Do you think that 50,000 years ago, as Cro-Magnons first began to filter into Europe, the resident Neanderthals scratched their bulky brows and wondered "gee, could these guys replace us?"
I strongly suspect that today, Homo sapiens is about to be replaced. But these next-gen sentients won't wander in from Africa, as the gracile Cro-Magnons did: They'll roll through the doors of artificial intelligence labs.
We're inventing our successors. And as a modest sideshow in this dramatic development, an IBM computer with the come-hither moniker "Watson" will be crossing swords with two accomplished humans this week on the popular television quiz program, Jeopardy.
Depending on your personal philosophies -- or maybe your susceptibility to the last blog post to cross your screen -- you're either betting on the vast, perfectly reliable memory banks and microsecond reaction times of Watson, or on the supple synapses of its human opponents, Ken Jennings and Brad Rutter. Most people, I assume, will bet on their own species.

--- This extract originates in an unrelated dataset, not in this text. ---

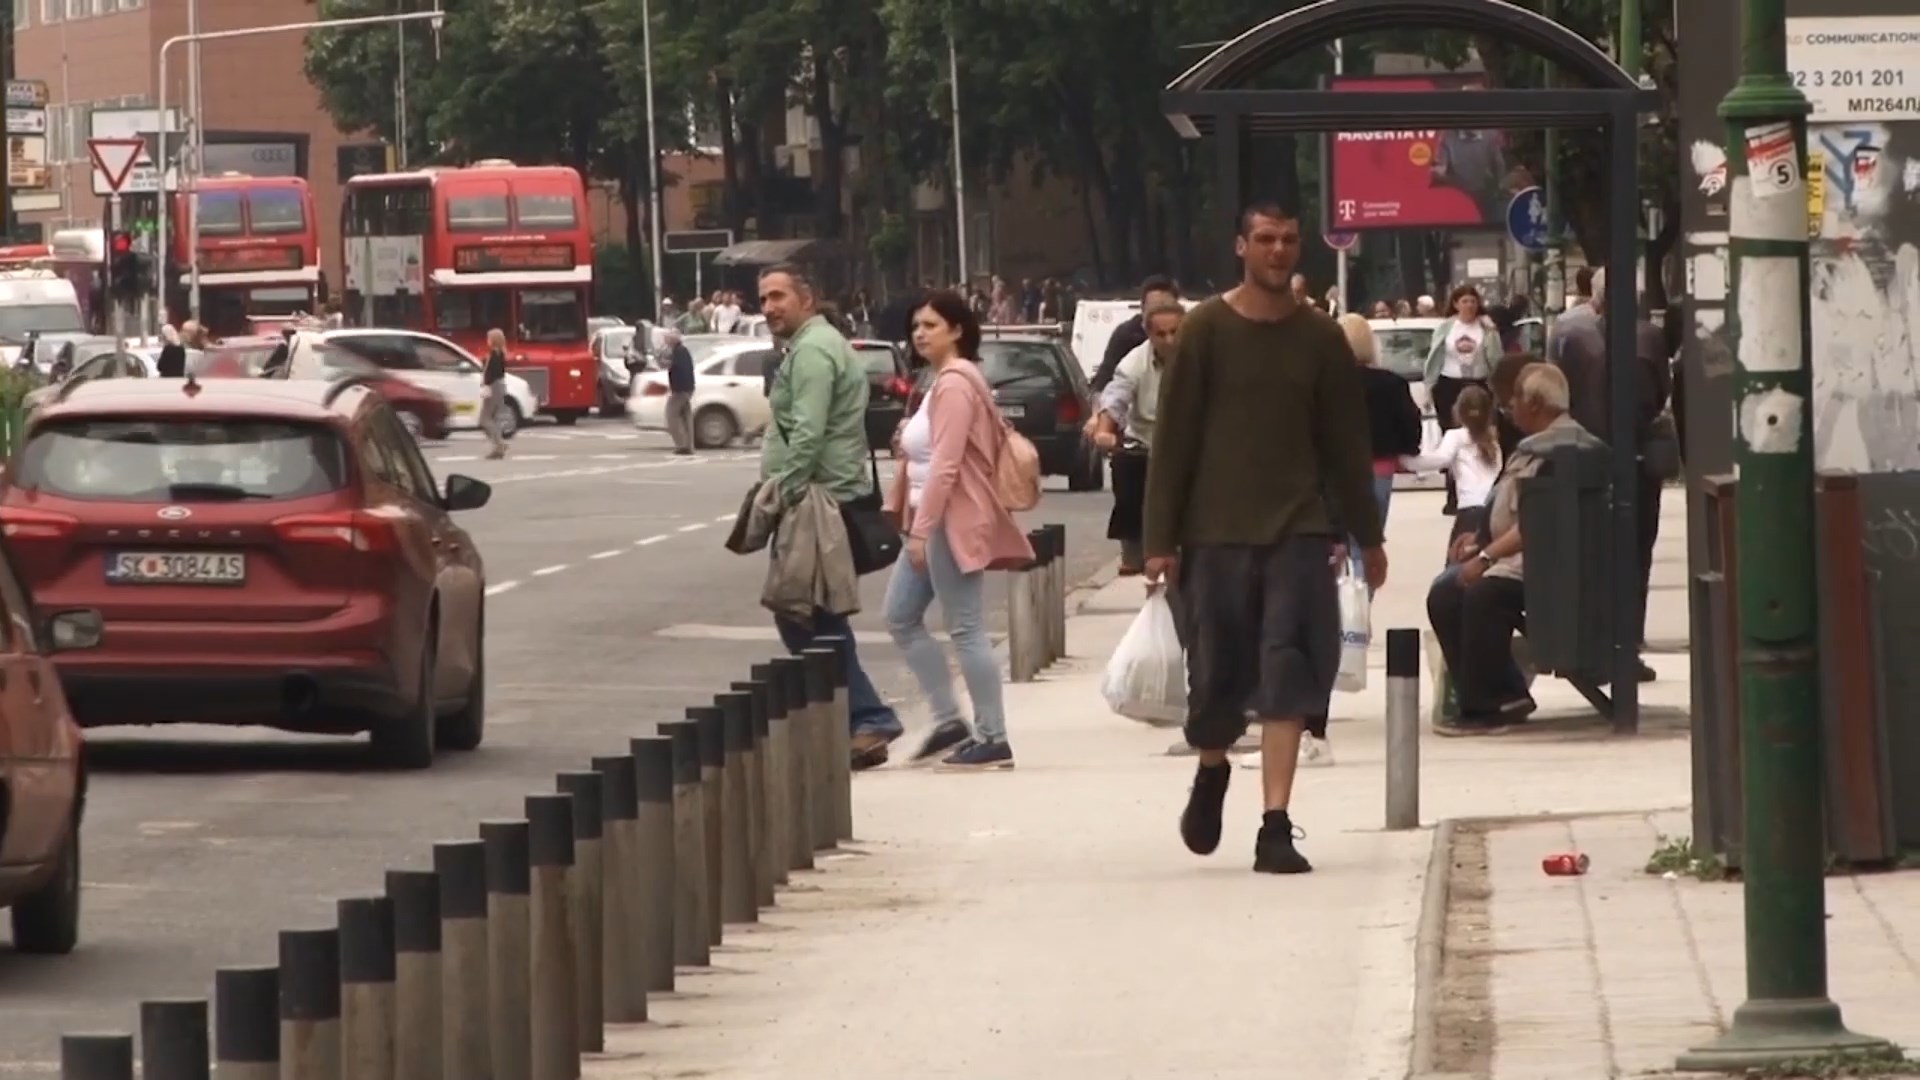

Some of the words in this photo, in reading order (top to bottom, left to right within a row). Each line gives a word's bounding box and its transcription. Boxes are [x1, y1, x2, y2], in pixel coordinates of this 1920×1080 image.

But the big picture is this: It doesn't matter who wins the Jeopardy cash. This is a skirmish -- a Bull Run battle that won't change the outcome of the war. The machines are getting better, and despite the opinion you have of your kids, we're not.
In 1830, in a demonstration for the fledgling B&O Railroad, a small locomotive named Tom Thumb inadvertently got into a race with a horse -- and lost. This has become a famous story only because it was the last time that horses had a chance. Jeopardy may not be the last time that humans can hope to outwit machines, but that day will come, and it will probably come within this century.
Now a few points to note: This is not the first time that IBM computers have taken on protoplasmic adversaries. In 1996 and 1997, IBM machines played chess against Gary Kasparov, losing the first time, but winning (barely) the second. Of course, chess is an activity whose rigid rules allow mindless computation to eventually overwhelm skill and strategy.
Winning at Jeopardy requires more than computation, and indeed, it demands more than simply a phalanx of spun-up hard drives, loaded with facts. If the contest were merely a matter of information look-up, the odds on Watson would be short indeed. The real challenge for the computer will not be knowing the answer, but understanding the question.
Humans can unravel syntax and context far better than machines, at least so far. But it takes years to develop that skill in children, and computers are often asked to do so right out of the box. That's why many of the most interesting experiments in artificial intelligence involve devices that can interact and learn. Machines that can self-improve.
But games aside, some people -- actually, quite a few -- figure that no synthetic sentient will ever be able to do things humans take for granted, such as performing stand-up comedy, writing meaningful poetry, or simply knowing when it's safe to jaywalk. These skeptics are perfectly willing to admit that we might engineer a synthetic heart or kidney, but the three pound organ sitting between their ears -- well, that's sacred, man. Nothing could replicate its functionality, they aver.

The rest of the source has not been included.